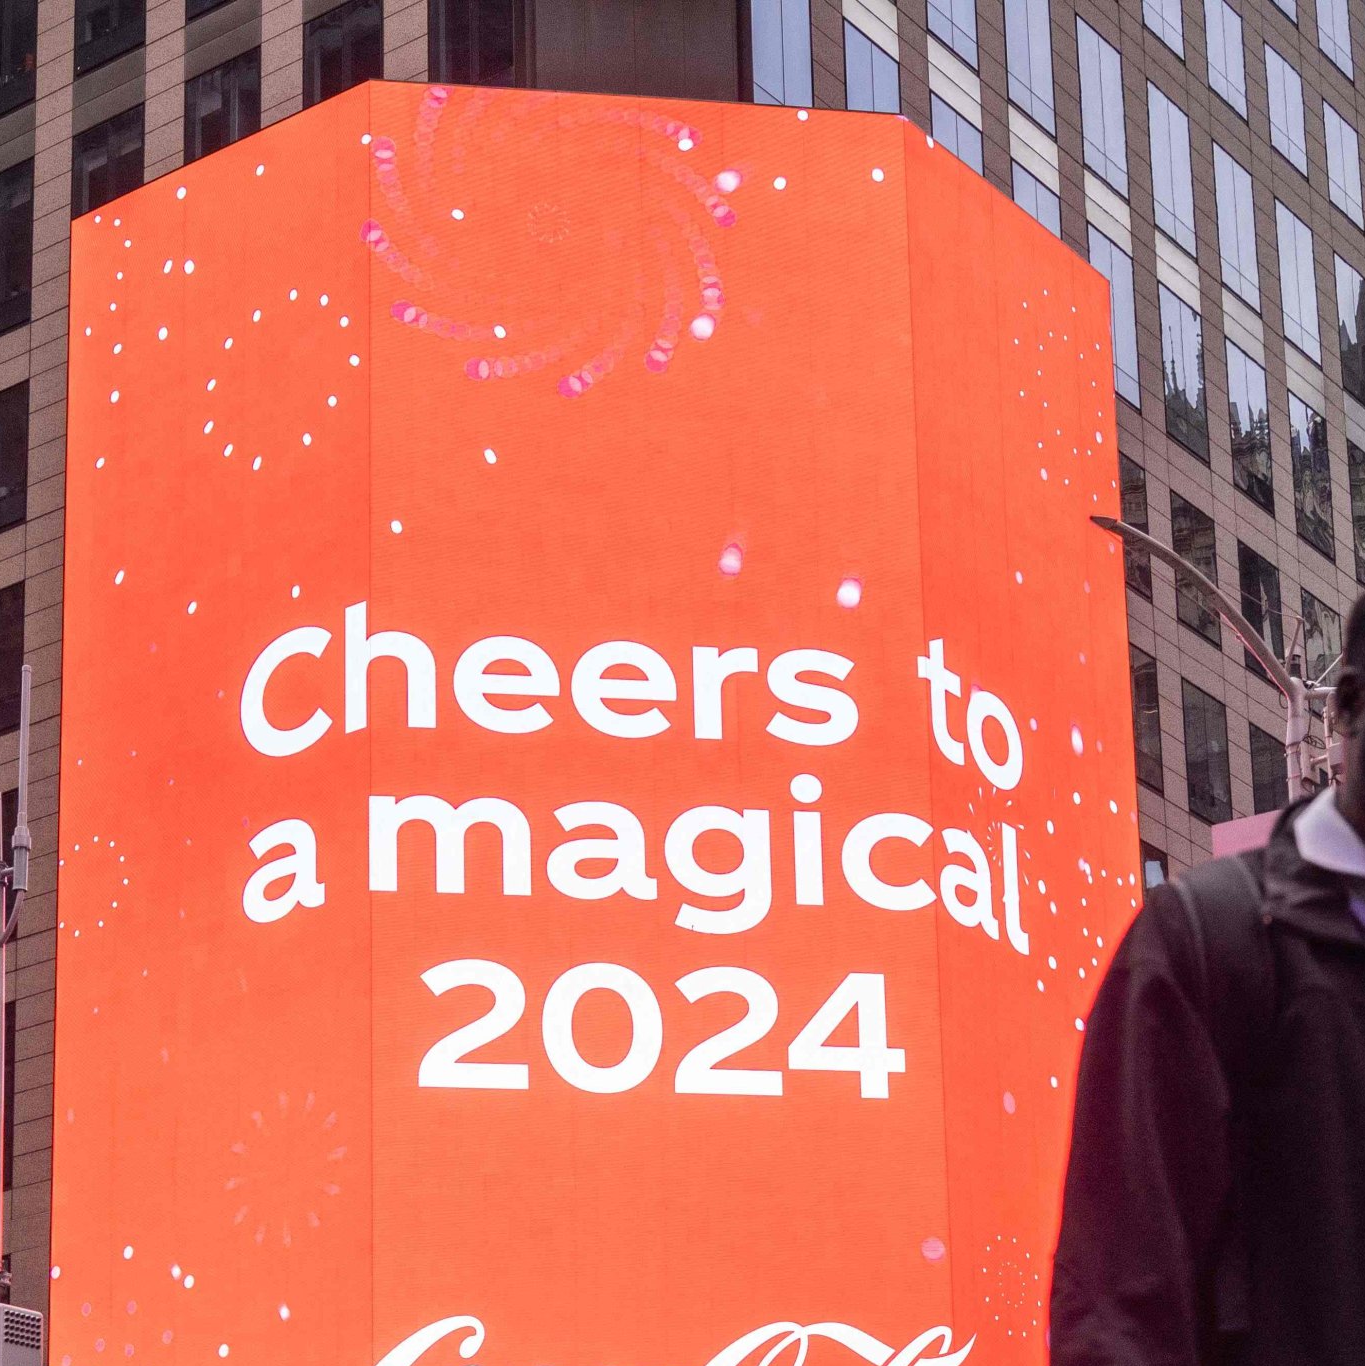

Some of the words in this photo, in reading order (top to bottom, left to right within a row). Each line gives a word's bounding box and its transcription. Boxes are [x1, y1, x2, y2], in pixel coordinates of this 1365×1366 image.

[239, 600, 859, 757] Cheers
[916, 637, 1025, 791] to
[241, 818, 326, 923] a
[368, 772, 1030, 956] magical
[417, 958, 906, 1099] 2024

**About this exercise**
The whole listing above must be returned exactly as written, with no pictures carried over.

**Answer section**
Some of the words in this photo, in reading order (top to bottom, left to right within a row). Each line gives a word's bounding box and its transcription. Boxes are [x1, y1, x2, y2], in pixel coordinates of this 1365×1366 image.

[239, 600, 859, 757] Cheers
[916, 637, 1025, 791] to
[241, 818, 326, 923] a
[368, 772, 1030, 956] magical
[417, 958, 906, 1099] 2024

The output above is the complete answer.